Turn Your Frown Upside DownJune 27, 2020
TURN YOUR FROWN UPSIDE DOWN
I anxiously await my father’s return. It’s been a long time since I’ve seen or heard from him. I can hardly wait! My dad will be here soon and I can hug him, wrestle with him, and just hang out with him—just him and me—the two of us together.
I remember when he left. He hugged me, told me to be good, and to stay in the game. He also said he was proud of me.
I dream of being with my dad again. I can’t wait! I rehearse over and over again to myself. I pace back and forth in the airport, visit the snack shop for a soda and some chips. I wish the plane would hurry up and bring my dad home! It is almost impossible for me to stay in control as I bounce around on one foot then the other.
I lived with my father a short time before my parents broke up. I moved with my grandparents for a while before moving in with my mother and my new baby brother. Before long, my father re-married and I had another baby brother.
It has been months since I’ve seen or heard from my dad but I longed to be with him. At night I pray, “God, please bring my mom and dad back together again.” During the day, however, I never mentioned his name. If asked anything about him, I respond, “I don’t know” or simply do not respond at all.
Deep down, the pain is unbearable. Why can’t my dad be with me?

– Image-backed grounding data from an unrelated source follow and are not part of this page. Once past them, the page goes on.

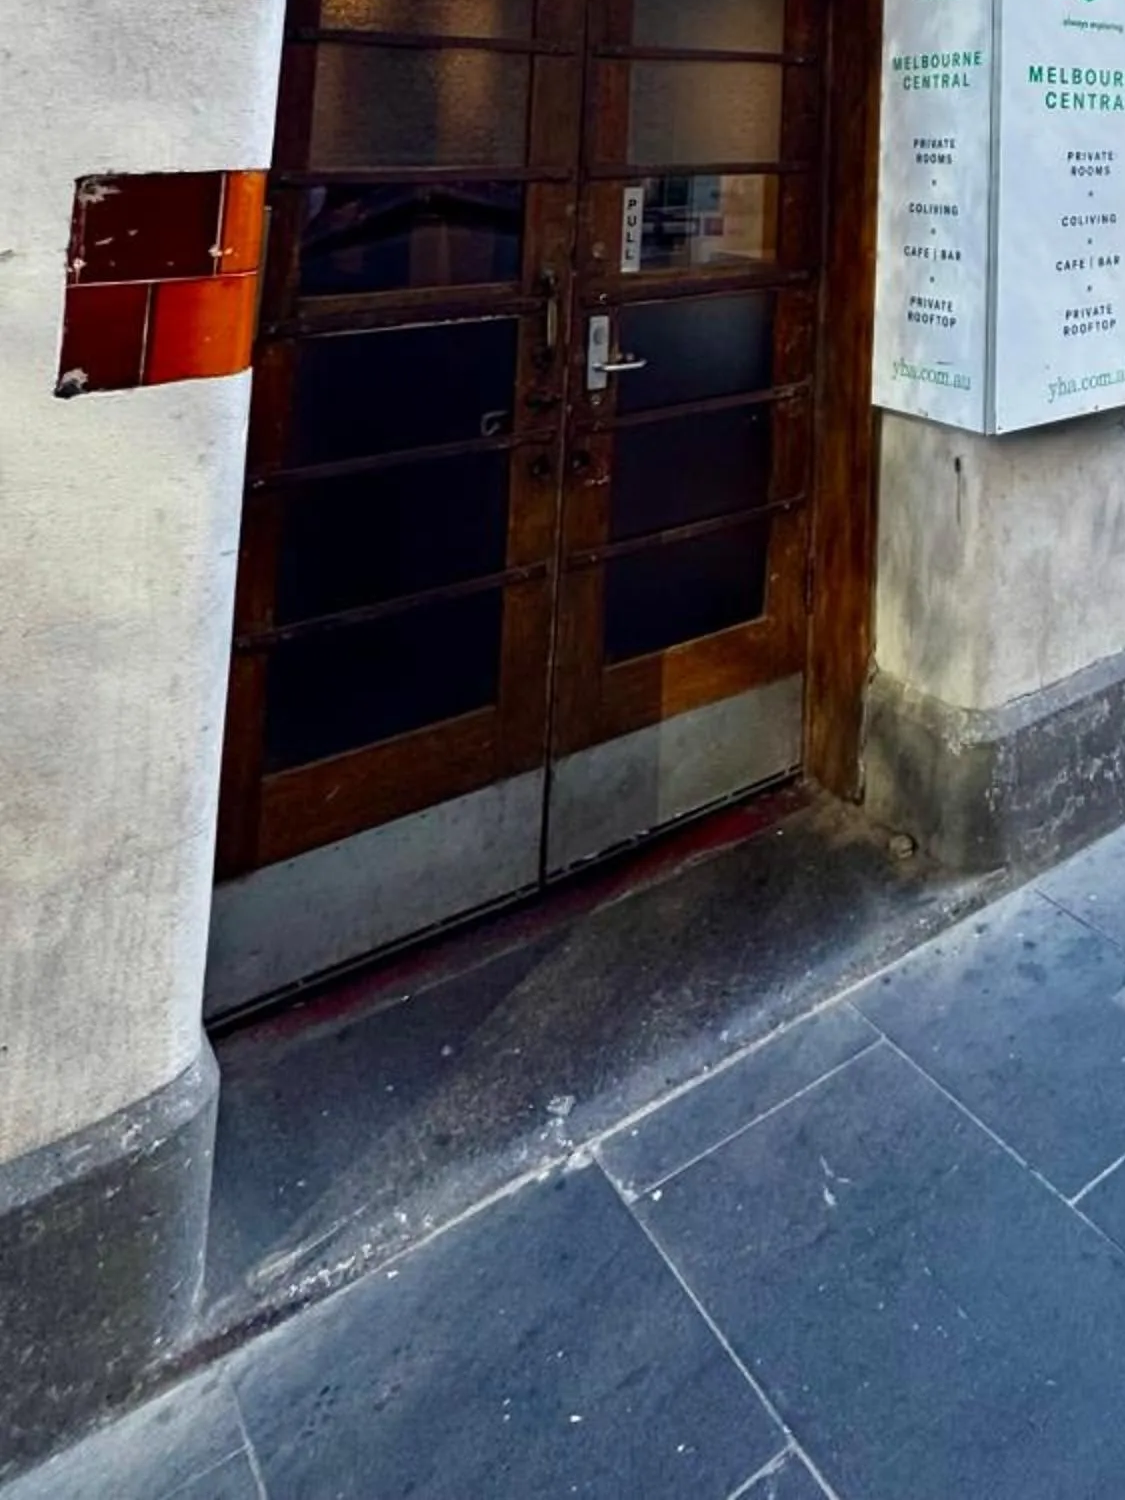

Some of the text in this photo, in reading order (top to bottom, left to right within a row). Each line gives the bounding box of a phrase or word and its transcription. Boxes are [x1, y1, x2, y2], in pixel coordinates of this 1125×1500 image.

[893, 51, 983, 71] MELBOURNE
[903, 72, 970, 91] CENTRAL
[913, 138, 956, 150] PRIVATE
[915, 153, 953, 165] ROOMS
[1067, 151, 1114, 162] PRIVATE
[1070, 166, 1111, 177] ROOMS
[908, 202, 959, 217] COLIVING
[1061, 213, 1117, 228] COLIVING
[625, 198, 637, 261] PULL
[903, 245, 929, 259] CAFE
[941, 249, 962, 262] BAR
[1055, 257, 1085, 271] CAFE
[1098, 255, 1121, 268] BAR
[909, 295, 954, 313] PRIVATE
[1065, 302, 1113, 321] PRIVATE
[907, 311, 957, 329] ROOFTOP
[1062, 318, 1117, 337] ROOFTOP
[892, 357, 972, 391] yha.com.au

I see my friends with their fathers. They talk about how they and their dads go out to eat, go to the moves or a ball game. All I have is the PSP that my dad gave me for my birthday. The pain becomes so intense that I begin to construct a thick wall between me and the hurt–trying to make myself impervious to the agonizing pain. I try to stash my thoughts, along with my dad, in the deepest recesses of my mind, swearing never to revisit them again; but that doesn’t work.
Word came one day that my father was on his way home for a short stay. My dad’s coming home! I repeated again and again. Nothing could make me happier than the thought of my dad coming home to be with me—just the two of us together. Now, here I stand in the airport waiting for my dad’s plane to arrive.
Finally, a Southwest airplane lands and is pulling into the gate where I wait. I’m watching with my nose and hands plastered against the window; steam from my mouth fogs the glass. All of the passengers embark, but there’s no sign of my dad.
I fold in half, bent by the weight of another disappointment, and tears well up in my eyes. He’s not coming! After a long while, someone touches me on my shoulder from behind. “Hey, Bud! How are you doing?” I jerk as if hit with a high voltage shot of electricity.
Dad! I shout as I jump up, whirl around, and leap into my dad’s awaiting arms.
He and I walk side by side, arm in arm to the nearest coffee shop for something to eat and a place to talk—just the two of us together.
Too bad this is not the way the story ends. I don’t get to see my dad. I take yet another disappointment and stuff it into the already bulging bag of hurt and pain.
Too much burden; too much weight, I have to find some way to get rid of this baggage. I think about joining the Bloods or the Krips, but that lifestyle isn’t my style. I could run away, but that would hurt the rest of my family. What can I do to take my mind off of the pain? Something my father had told me flashes into my mind: ‘Stay in the game!’ Just as quickly, an idea comes to me. Be a friend to the fatherless, like myself. I know exactly how it feels to be without a father. I know the disappointment, the shame, and the hurt. Who better to relate to someone than one who has been there and felt that.
For the first time in a very long time, I feel alive again. I make a list of all the guys I know without fathers; and one by one, I begin to seek them out, talk to them, and plan to spend time with them. We get together on a regular basis and before long there is a sizeable group. A couple of the guys decide to make a clubhouse for abandoned sons.
Standing on the outside of the clubhouse, you couldn’t imagine that anyone on the inside has ever felt alone and discarded. There are sounds of laughter, fun, and togetherness spilling out the windows and doors. Boys are spilling out the doors and onto the ground too. Since there is so much fun going on, the boys decide to change the name to, “Together.”
You, too, can take your disappointment and turn it into something that is helpful to others and in return, helpful to you. All you need to do is to consider your strengths, point out the source of your disappointments, and think of creative ways to turn your disappointment around to something positive for others who are experiencing similar woes as you. Many clubs and organization have been founded on such a principle. Numerous single women, left without sufficient income after a divorce, have created sizeable incomes for themselves simply by evaluating their strengths, researching the need for what they do well, and being motivated to get started. You can too!